O pedido dos partidos foi enviado à ministra Cármen Lúcia. Nesta sexta-feira, Cármen determinou que a Procuradoria-Geral da República (PGR) investigue as acusações de que Ramagem orientou a defesa do senador Flávio Bolsonaro (Republicanos-RJ) no caso das rachadinhas. A ministra também fixou um prazo de 30 dias para que a PGR informe ao Supremo as “ações efetivamente adotadas para a elucidação dos fatos”.
Em entrevista à revista Época publicada nesta sexta-feira, 18, a advogada do parlamentar, Luciana Pires, admite ter recebido relatório informal de Ramagem dando coordenadas de como agir para tentar inocentar Flávio no caso.
Para a Rede Sustentabilidade e o PSB, a Abin “não é um órgão que serve a quaisquer tipos de fins, mas somente aos públicos”.
“Se autoridades querem promover uma espécie de contra-investigação para apurar eventuais nulidades, que isso se dê de forma particular, com a contratação de perícias particulares, serviços advocatícios especializados e outros. E frise-se que isso até poderia ser legítimo, justamente para resguardar a mais ampla defesa. Não se pode, contudo, utilizar a estrutura pública para tal finalidade”, sustentam os partidos.
A Abin informou em nota que a imputação por qualquer pessoa de vinculação dos supostos relatórios à agência ou ao diretor-geral é “equivocada ou deliberadamente realizada com objetivo de desacreditar uma instituição de Estado e os servidores que compõem seus quadros”.
Em sua decisão, Cármen determinou que a PGR seja notificada “para investigar os fatos descritos, os quais, pelo menos em tese, podem configurar atos penal e administrativamente relevantes (prevaricação, advocacia administrativa, violação de sigilo funcional, crime de responsabilidade e improbidade administrativa)”.
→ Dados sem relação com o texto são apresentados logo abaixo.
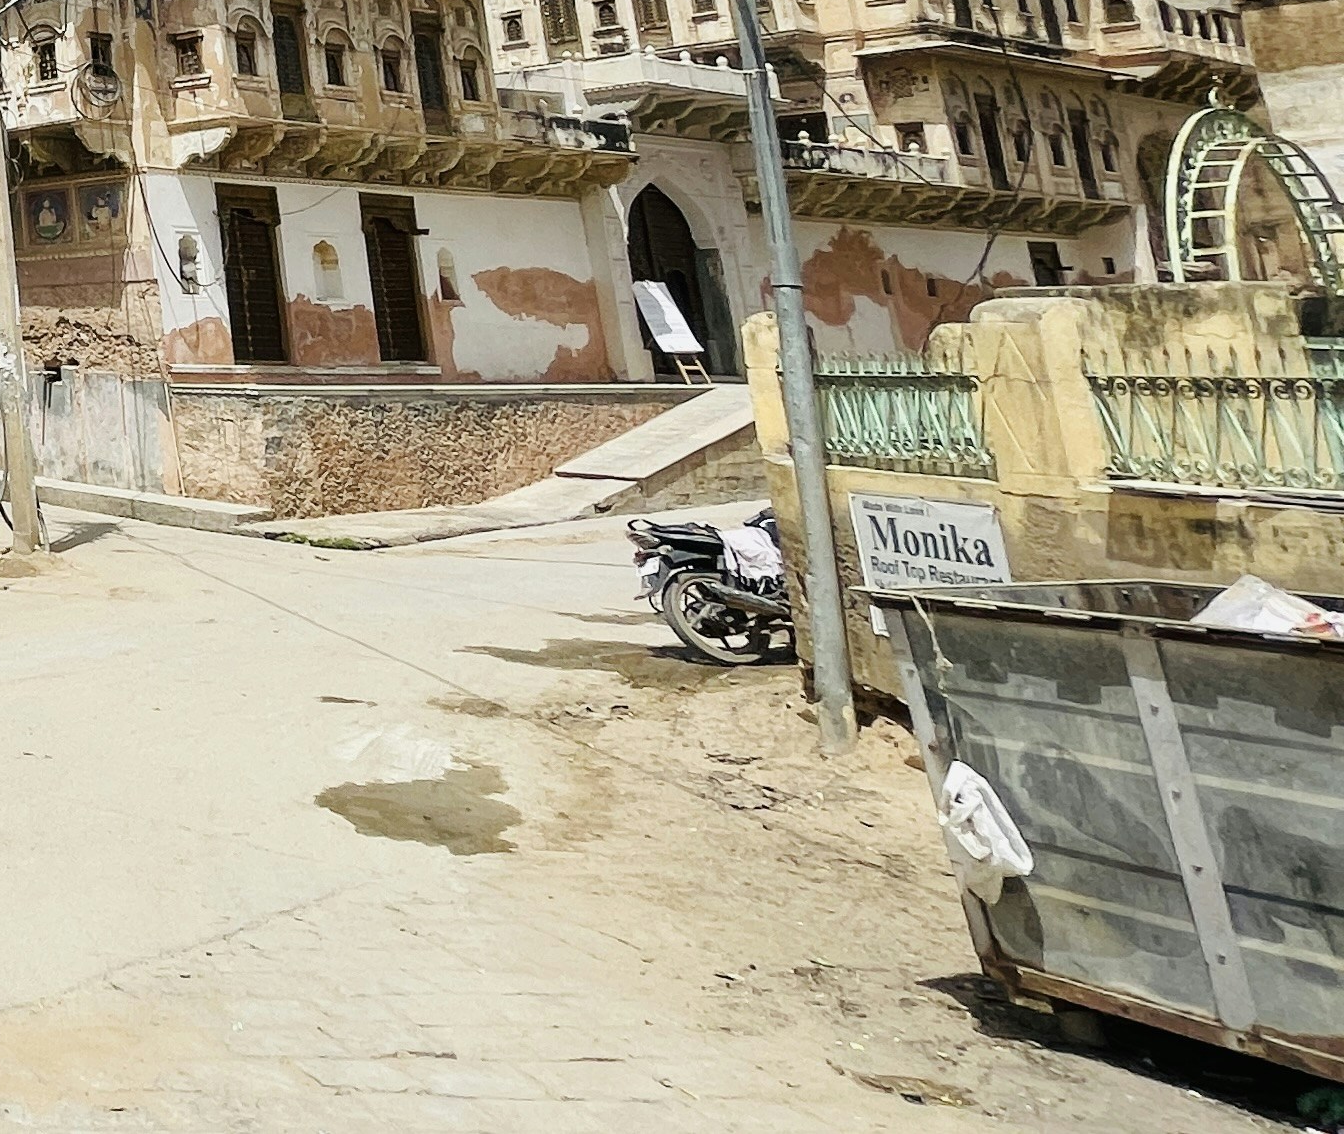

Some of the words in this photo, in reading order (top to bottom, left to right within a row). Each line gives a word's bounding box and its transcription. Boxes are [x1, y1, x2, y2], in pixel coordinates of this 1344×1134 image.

[867, 515, 995, 567] Monika
[870, 556, 900, 575] Roof
[901, 560, 926, 584] Top
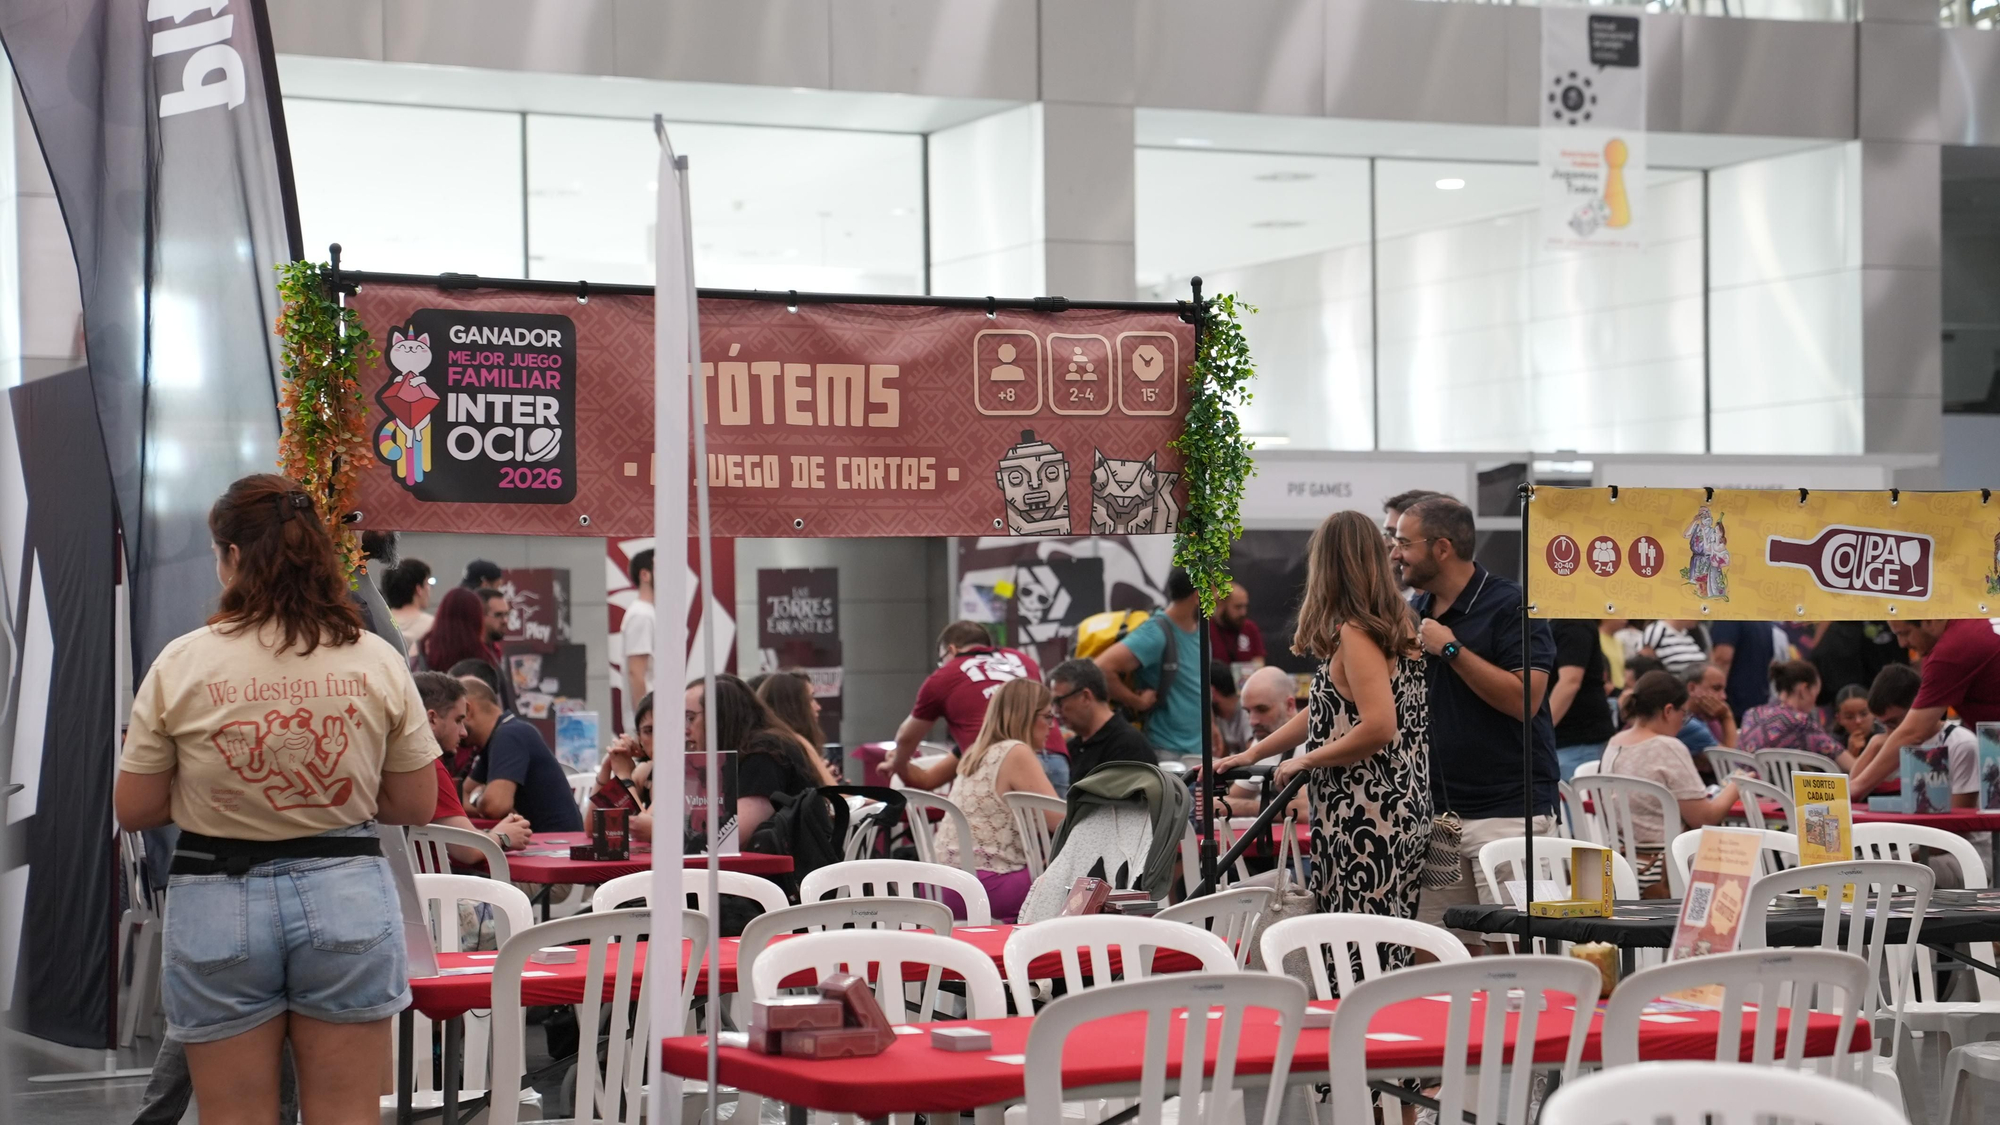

“Não se pode desconhecer a seriedade do quadro. Os fatos descritos precisam ser investigados e sobre eles há de exigir conclusão dos órgãos competentes em sede jurídica própria. Podem estar presentes, como parece ao menos em tese, indícios que podem indicar prática de delito praticado por autoridade com foro por prerrogativa de função, pelo que o encaminhamento dos documentos trazidos aos autos à Procuradoria-Geral da República é medida que se impõe para a adequada e célere apuração dos fatos expostos e conclusão”, escreveu a ministra.
“O plenário deste Supremo Tribunal Federal foi expresso ao afirmar que somente o interesse público formalmente demonstrado pode constituir elemento legitimador do desempenho administrativo. Ficou cravado não ser admissível abuso de direito e desvio de finalidade, caracterizado pelo uso do espaço e dos órgãos e instrumentos públicos para atender interesses particulares.”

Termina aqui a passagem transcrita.